To do =>
Exclude the pictures and repeat all of the data exactly.

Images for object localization
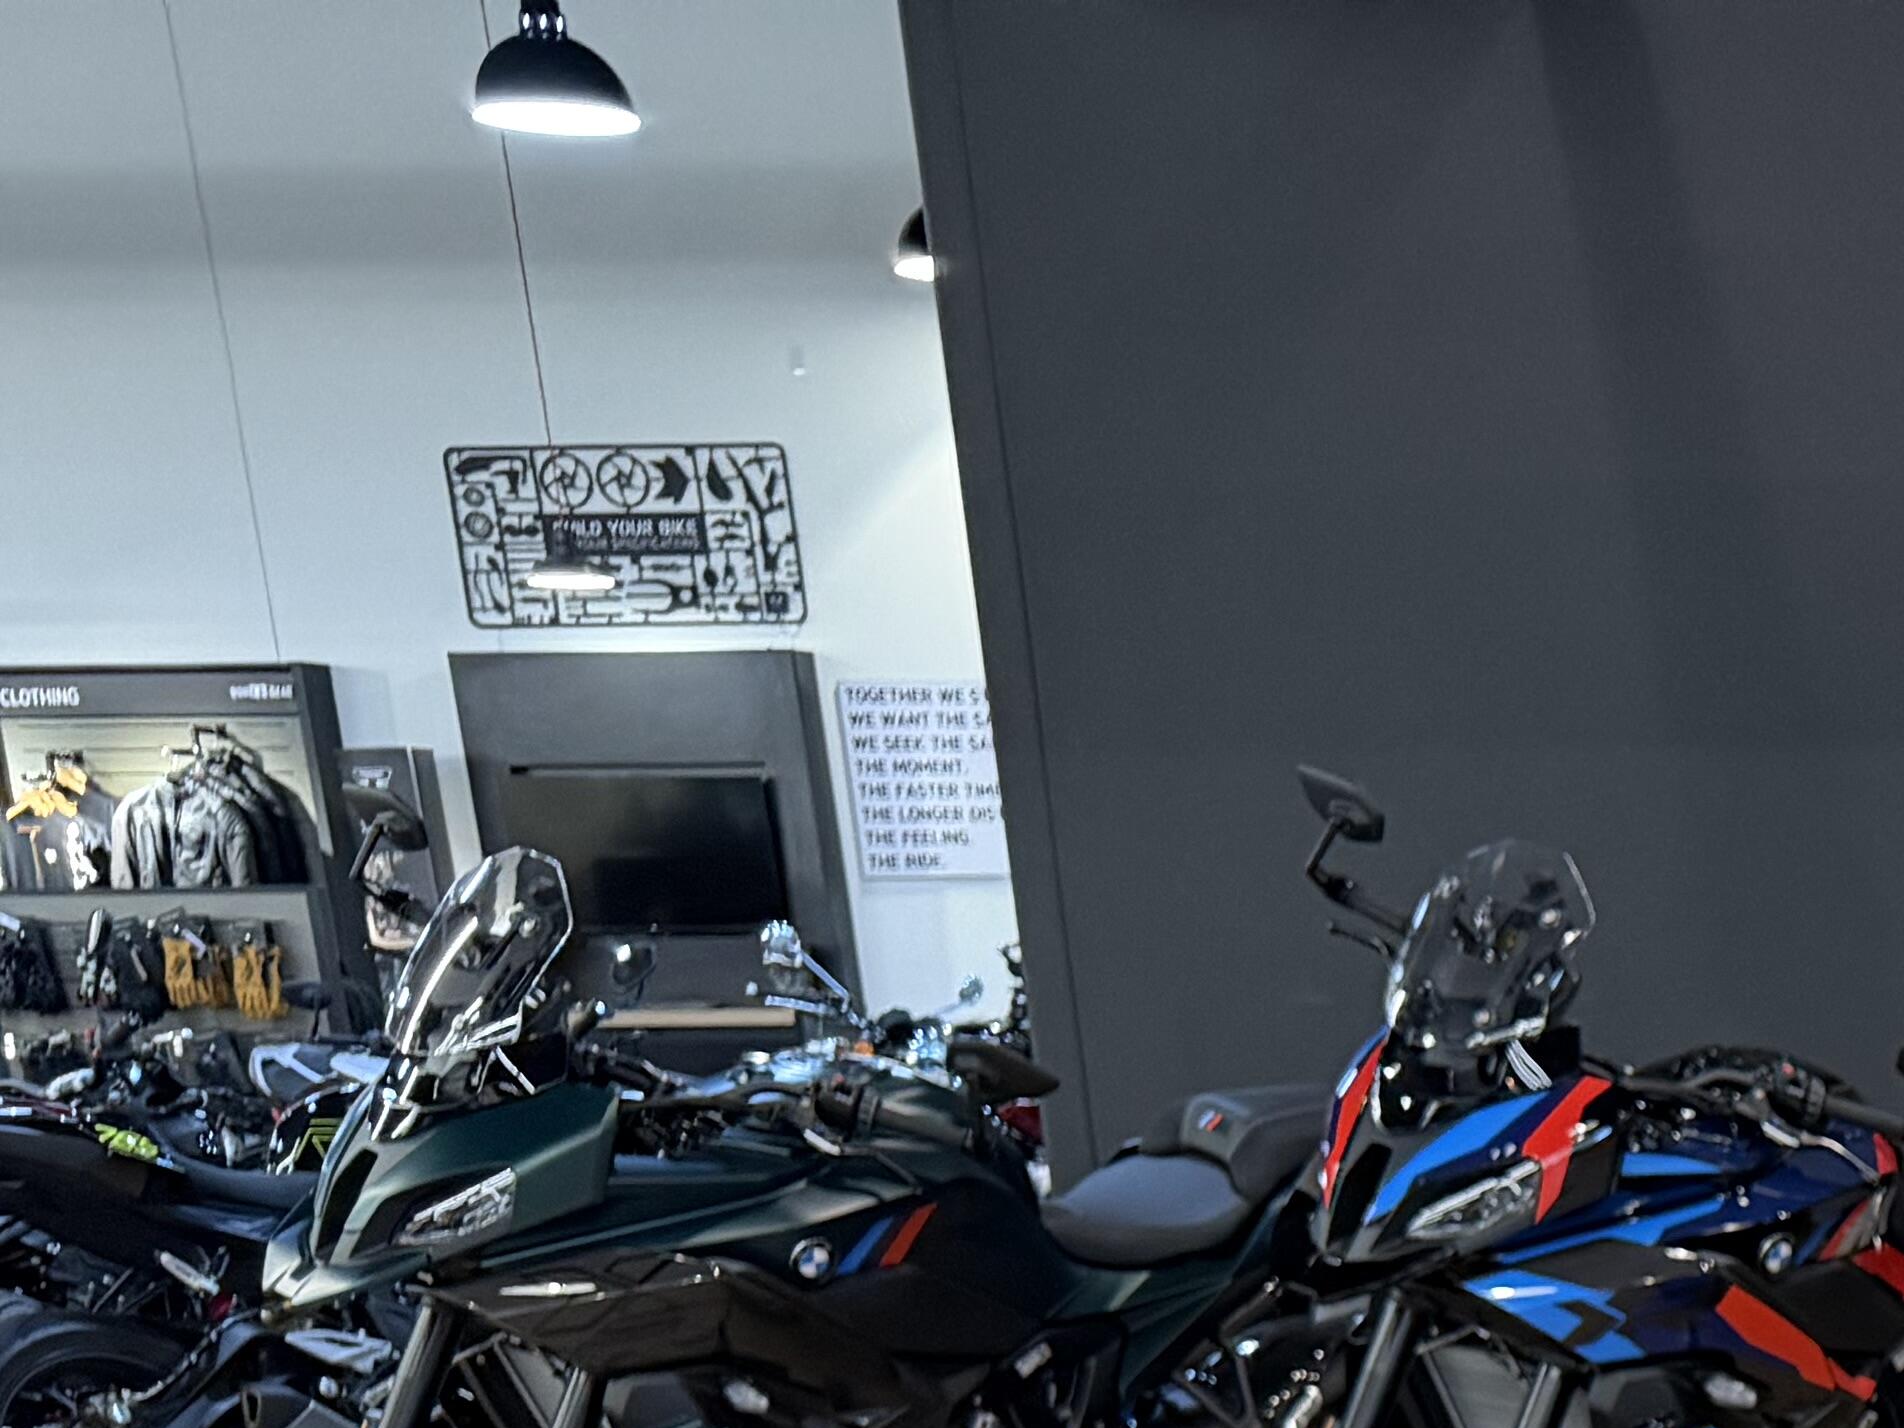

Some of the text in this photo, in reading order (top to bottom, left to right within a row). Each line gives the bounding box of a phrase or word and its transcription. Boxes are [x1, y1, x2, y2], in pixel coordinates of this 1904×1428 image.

[0, 686, 80, 708] CLOTHING
[845, 686, 933, 702] TOGETHER
[938, 687, 967, 701] WE
[849, 712, 877, 727] WE
[880, 711, 930, 726] WANT
[936, 711, 966, 726] THE
[852, 735, 879, 750] WE
[931, 735, 961, 749] THE
[855, 759, 888, 775] THE
[858, 782, 890, 799] THE
[862, 805, 894, 822] THE
[899, 804, 965, 821] LONGER
[864, 830, 896, 846] THE
[867, 853, 899, 869] THE

Answer for the task =>
Some of the text in this photo, in reading order (top to bottom, left to right within a row). Each line gives the bounding box of a phrase or word and its transcription. Boxes are [x1, y1, x2, y2], in pixel coordinates of this 1904×1428 image.

[0, 686, 80, 708] CLOTHING
[845, 686, 933, 702] TOGETHER
[938, 687, 967, 701] WE
[849, 712, 877, 727] WE
[880, 711, 930, 726] WANT
[936, 711, 966, 726] THE
[852, 735, 879, 750] WE
[931, 735, 961, 749] THE
[855, 759, 888, 775] THE
[858, 782, 890, 799] THE
[862, 805, 894, 822] THE
[899, 804, 965, 821] LONGER
[864, 830, 896, 846] THE
[867, 853, 899, 869] THE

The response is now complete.